New Publication in Political Analysis!

24.09.2025

Congrats to Marvin Stecker and Frederic R. Hopp on publishing a new article in Political Analysis!

CCL team member Marvin Stecker recently published a new study titled "Moral Foundation Measurements Fail to Converge on Multilingual Party Manifestos" with Frederic R. Hopp in Political Analysis. In it, they compared different possible automated methods to detect moral foundations in political manifestos. They find that, while these measurements draw on the same theoretical concepts, they produce diverging results when scoring the same manifesto. The authors test this both for English-language, as well as multilingual approaches.

Moralising language is a powerful rhetorical tool for signaling political identity, persuading audiences, and mobilising voters. The valid and reliable classification of moral language is therefore a critical objective for political scientists. Recent advances in automated text analysis have introduced myriad new strategies for measuring morality in language, but have often produced conflicting, inconclusive findings. The authors investigate whether this diversity of moral content analyses might partially explain inconclusive findings, using a large corpus of political manifestos in four different languages (N=810 manifestos).

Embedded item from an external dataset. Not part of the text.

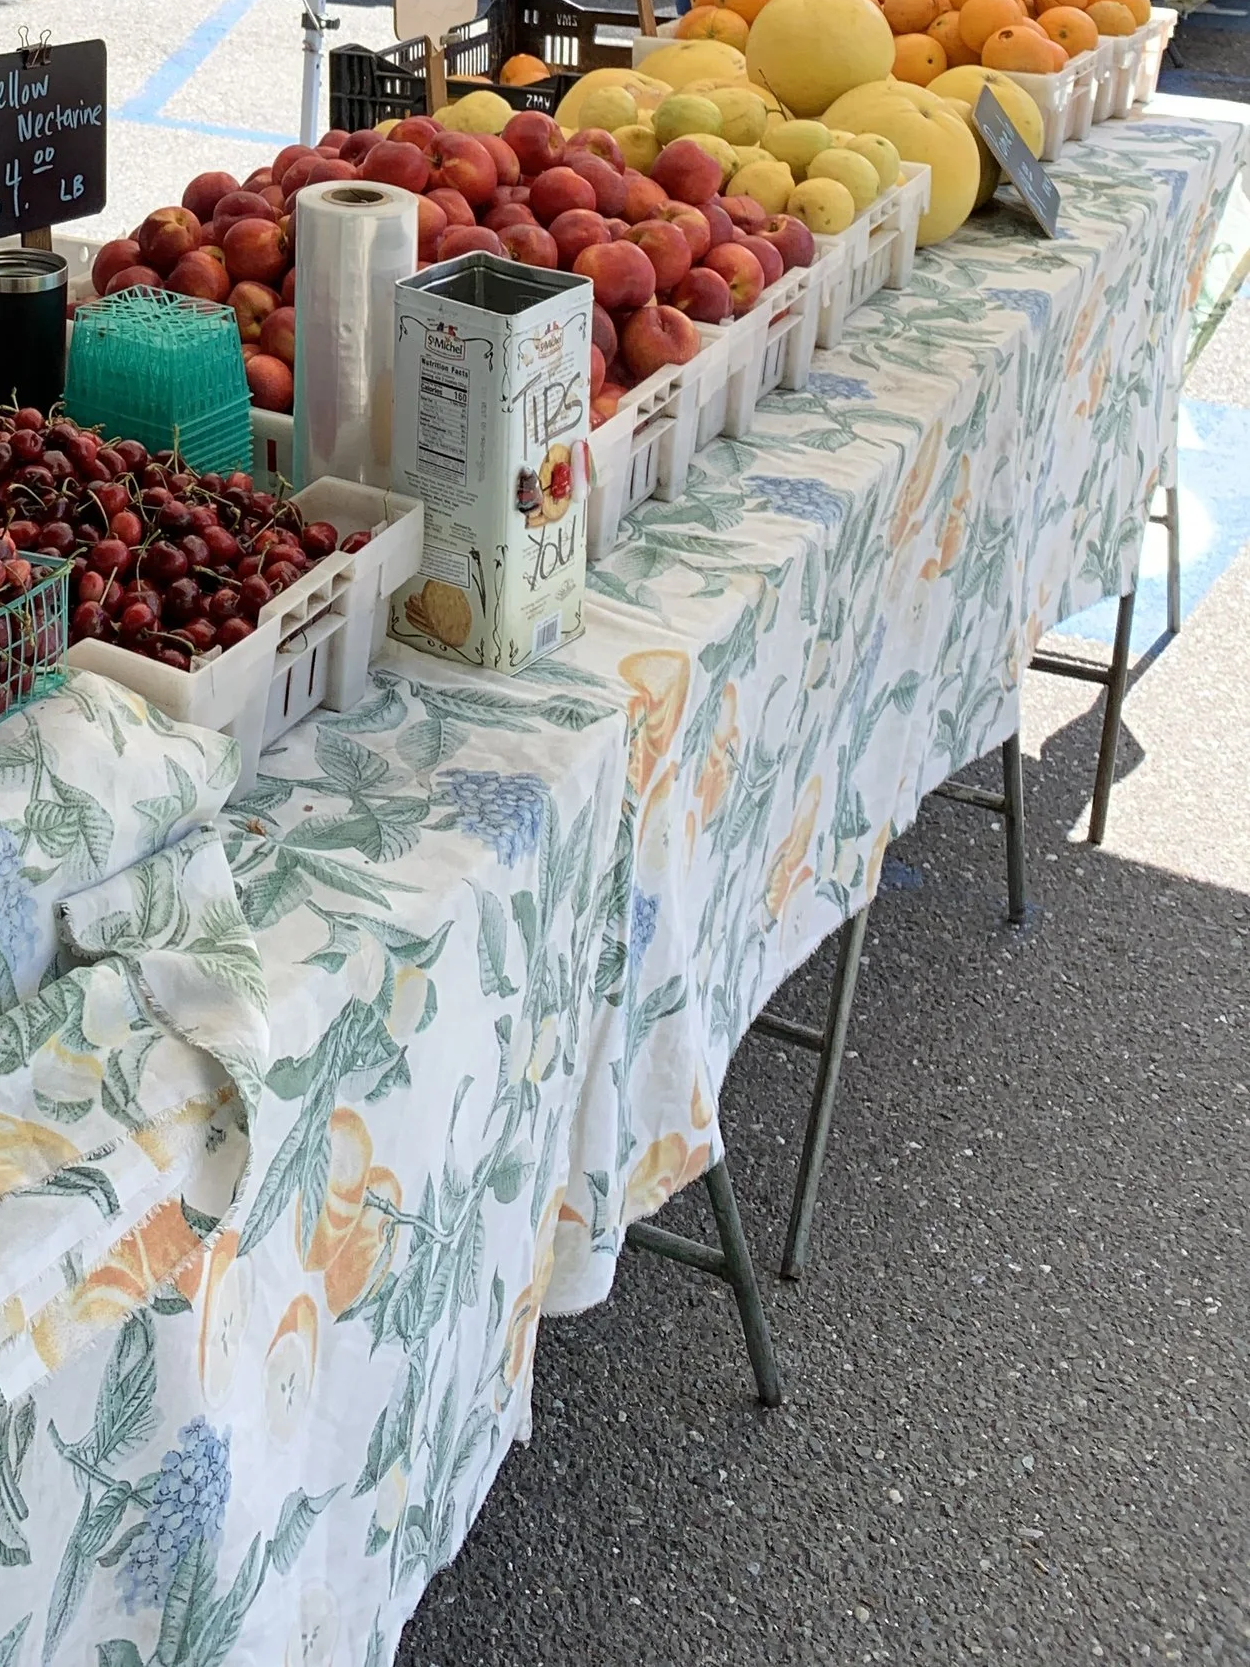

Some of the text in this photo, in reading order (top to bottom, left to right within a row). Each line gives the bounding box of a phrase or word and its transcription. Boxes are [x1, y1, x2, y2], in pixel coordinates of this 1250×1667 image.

The results show that, despite starting from the same framework of Moral Foundations Theory (MFT), different instruments and underlying methodologies lead to remarkably different results for extracting moral foundations. Reproducing a previous study on political parties’ ideology and their use of moral foundations, the authors find that different measurements can lead to opposite effect directions. They discuss the relevance of the findings for research at the intersection of politics and moral rhetoric using automated text analysis.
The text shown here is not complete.